Surveillance Society
We’re a nation of watchers; the flipside of that is, meanwhile, we’re also being watched
- By Ronnie Rittenberry
- Feb 01, 2011
Along with “It’s a Wonderful
Life” and “Polar Express,” holiday
viewing for me this year
included video footage released mid-
December by the King County (Wash.)
Sheriff’s Office. The four-minute-or-so
clip shows five teenage girls boarding a
crowded Metro bus in Seattle and making
their way to the back of the vehicle
where they, without warning, begin attacking
another teenage girl and her
boyfriend, both of whom are just sitting
there, minding their own business,
as the video commences.
As it turns out, the girl under attack
was 17 years old and three months
pregnant at the time. You know this
because her 19-year-old boyfriend,
while having his pockets picked and
receiving a flurry of punches and flying
kicks to the head, apprises the attackers
of her condition. The response
from one of the assaulters, clearly audible
on the video, is, “Nobody hit her
in the stomach . . . hit her in the face!”
Which, as the video vividly shows, is
exactly what happens.
It is a long four minutes. Watching
it, you can’t help but notice the other
passengers who, for the most part, just
sit there and watch the assault happen.
Eventually, two or three snap out of
their stupor and join the boyfriend in
yelling for the driver to stop the bus, but
until that point they resemble nothing
so much as deer in headlights. No one
even bothers to dial 911. It makes for
eerie viewing and a sad counterpoint
to Jimmy Stewart as George Bailey.

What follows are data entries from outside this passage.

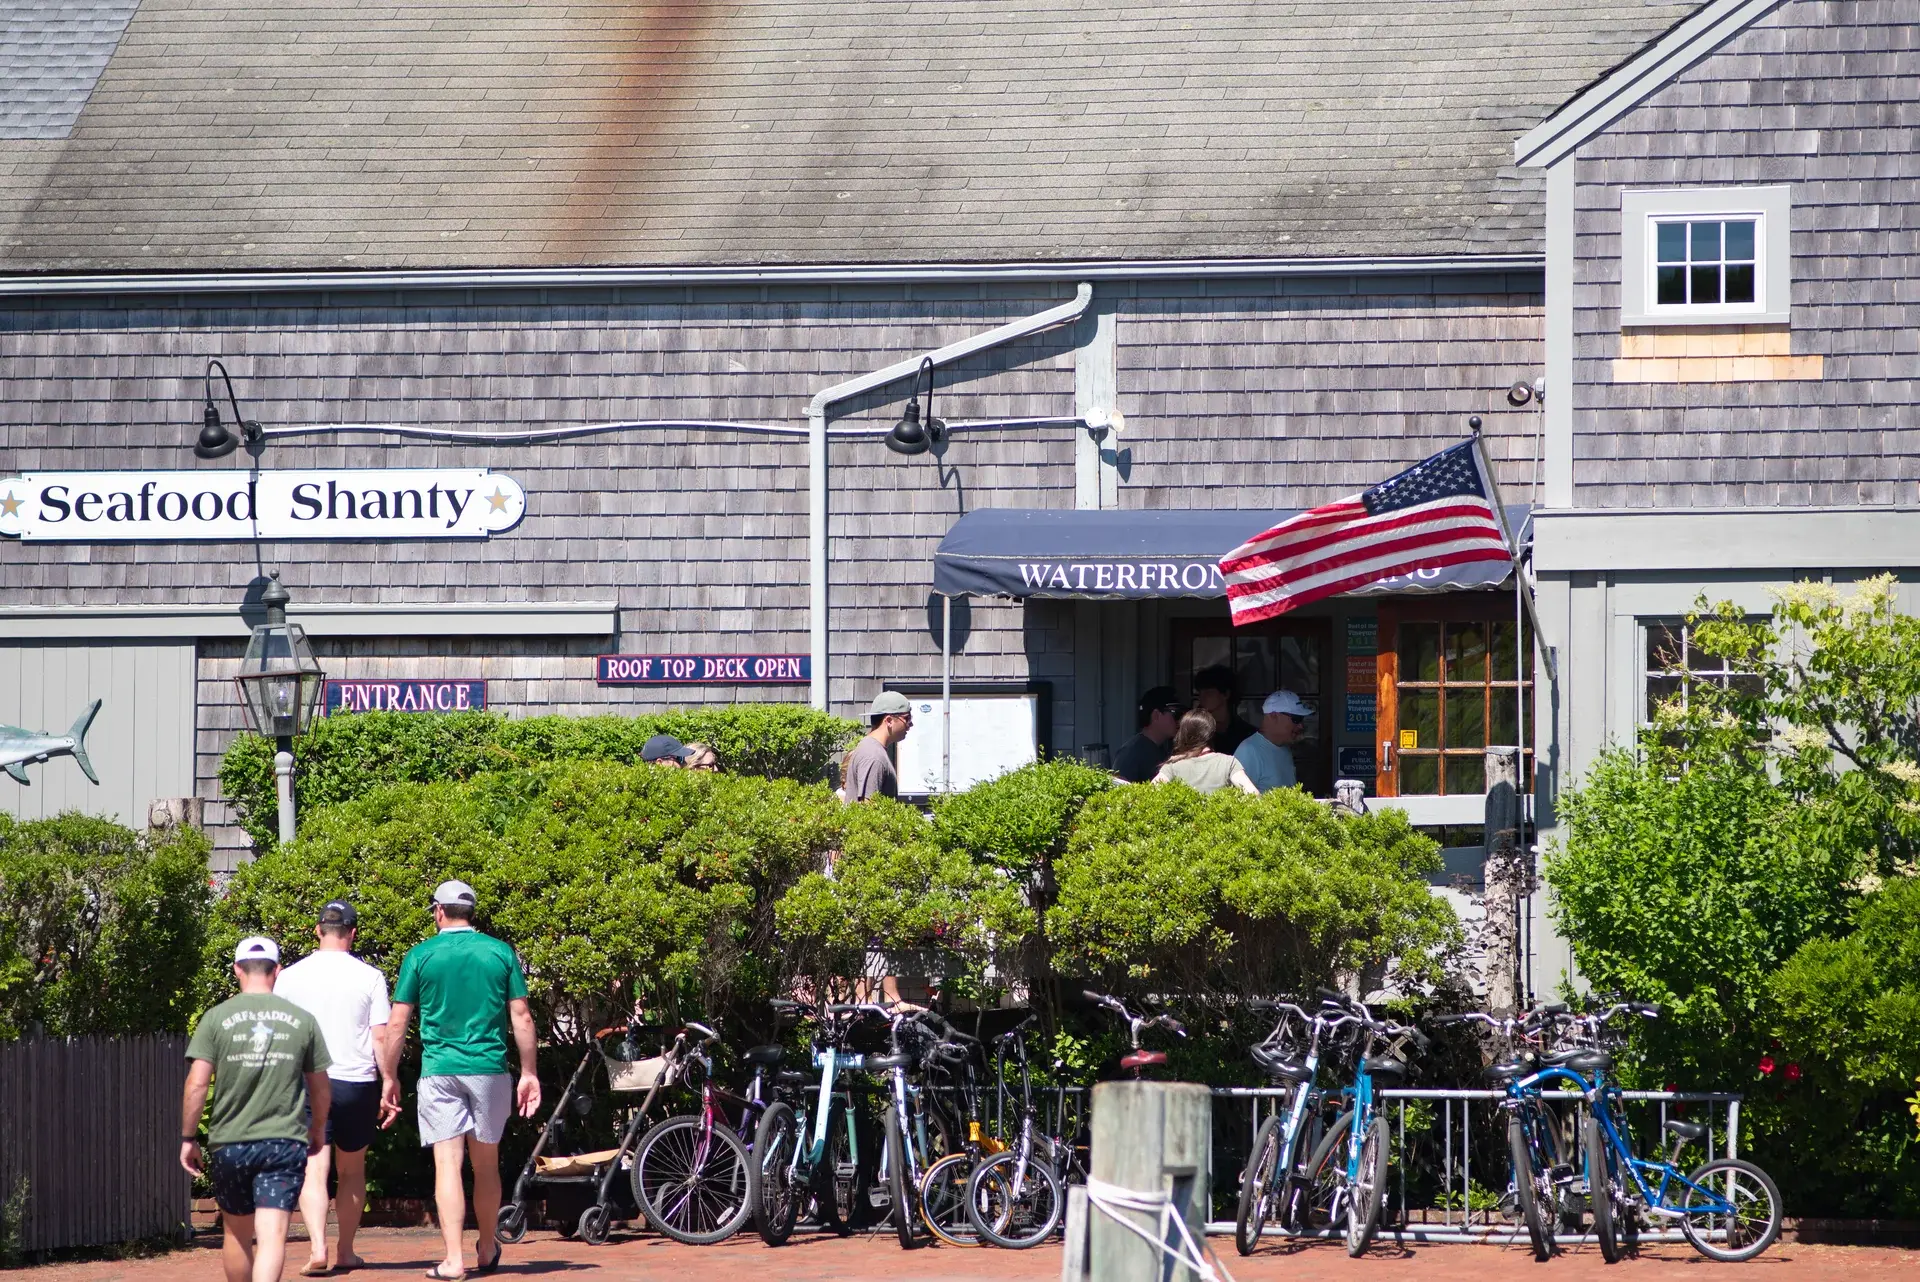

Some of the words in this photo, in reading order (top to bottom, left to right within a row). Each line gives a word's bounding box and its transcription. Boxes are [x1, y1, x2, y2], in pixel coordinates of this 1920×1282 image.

[38, 481, 259, 523] Seafood
[290, 480, 475, 529] Shanty
[1018, 563, 1225, 589] WATERFRON
[607, 658, 652, 679] ROOF
[661, 658, 696, 679] TOP
[703, 658, 749, 679] DECK
[754, 658, 801, 679] OPEN
[341, 684, 470, 711] ENTRANCE
[222, 1010, 248, 1030] SURF
[257, 1010, 301, 1029] SADDLE

It
also forces you to consider how we’ve
become a society of watchers . . . and, at
the same time, a nation being perpetually
watched.
Unblinking Eyes
The footage for this particular bit of
yuletide drama came from the lens of
a lone surveillance camera installed
at the back of King County Metro’s
Route 358 bus, recording all -- including,
indisputably, participants’ faces,
down to the blood on the pregnant
teenager’s cheek. Authorities were able
to use the footage to identify and apprehend
all five of the attackers.
According to King County Sheriff
Sue Rahr, the Route 358 bus is one of
nearly 400 Metro coaches currently
equipped with such state-of-the-art
video equipment. She said there is a
more than 90 percent arrest rate for
crimes captured on video and that,
partly because of that, cameras will be
added to another 250 buses over the
next few years.
Rodell Notbohm, general manager
of Apollo Video Technology, the Woodinville,
Wash.-based company responsible
for the camera installations aboard
the Metro’s fleet, said the presence of
such mobile video systems is definitely
on the rise. He added that while the
Route 358 bus was not equipped with
the latest wireless technology, often the
mere presence of a camera is enough to
deter crime. This time it was not, even
though the bus also had signs posted
alerting passengers that video surveillance
was in use. Typically, he said,
Apollo puts anywhere from six to 16
cameras on a transit vehicle -- and usually
more than a dozen cameras per car
on a train.
Wi-Fi on the Rise
Notbohm noted that most of the recent
federal funding for security on transit
vehicles has included a clause requiring,
at a minimum, live look-in capabilities.
“Essentially, what that means
is the buses will generally have Wi-Fi
access points onboard,” he said. When
responders arrive, they’re able to access
an onboard camera’s footage in real
time, as it is happening, without actually
getting on the vehicle, using an inboard
laptop in their police cars or even
an iPhone app. “They can see what’s
happening in there, but they have to arrive
first. That’s the baseline funding.”
More and more, though, municipalities
and transit agencies are opting for
systems with a cellular connection, and
with those, authorities can be anywhere
and dial in -- not just right there within
the line of sight.
While video on transit vehicles is not
new, it’s still not widespread. “I would
say that if you go through all the transit
vehicles in the United States, it’s a
pretty small percentage of them that
actually have video cameras onboard,”
Notbohm said. “It’s still very customized
to have equipment on a transit vehicle
and survive in that environment,
with the extreme wide ranges of temperature
and power and so forth.
“I would say two years ago probably
less than half of the vehicles that
we put video systems on had any kind
of wireless whatsoever, and now almost
all of them have at least some form of
wireless onboard that they can use to
look in live and see what’s happening
inside those vehicles. And just in the
case of the last year, I’m seeing many,
many more agencies going for the cellular
technologies that give them always
the ability to look in at any point and
see what’s happening.”
The Moveable Lens
Eventually, technology will make the
presence of such real-time monitoring
commonplace, and while that will mean
more people will be watched more often,
it also will mean -- hopefully -- fewer
attacks like the one on Route 358. It
will be a matter of ubiquitous surveillance
in the name of safety and security.
If that brings to mind George Orwell
more than George Bailey, it shouldn’t,
Notbohm said.
“Really, people don’t have an expectation
of privacy on a transit vehicle,”
he said. “If you ask any transit agency,
that’s what they’re going to tell you --
that, ‘Well, you’re on a transit bus; this
is not a private place; you have no real
expectation of privacy in that location.’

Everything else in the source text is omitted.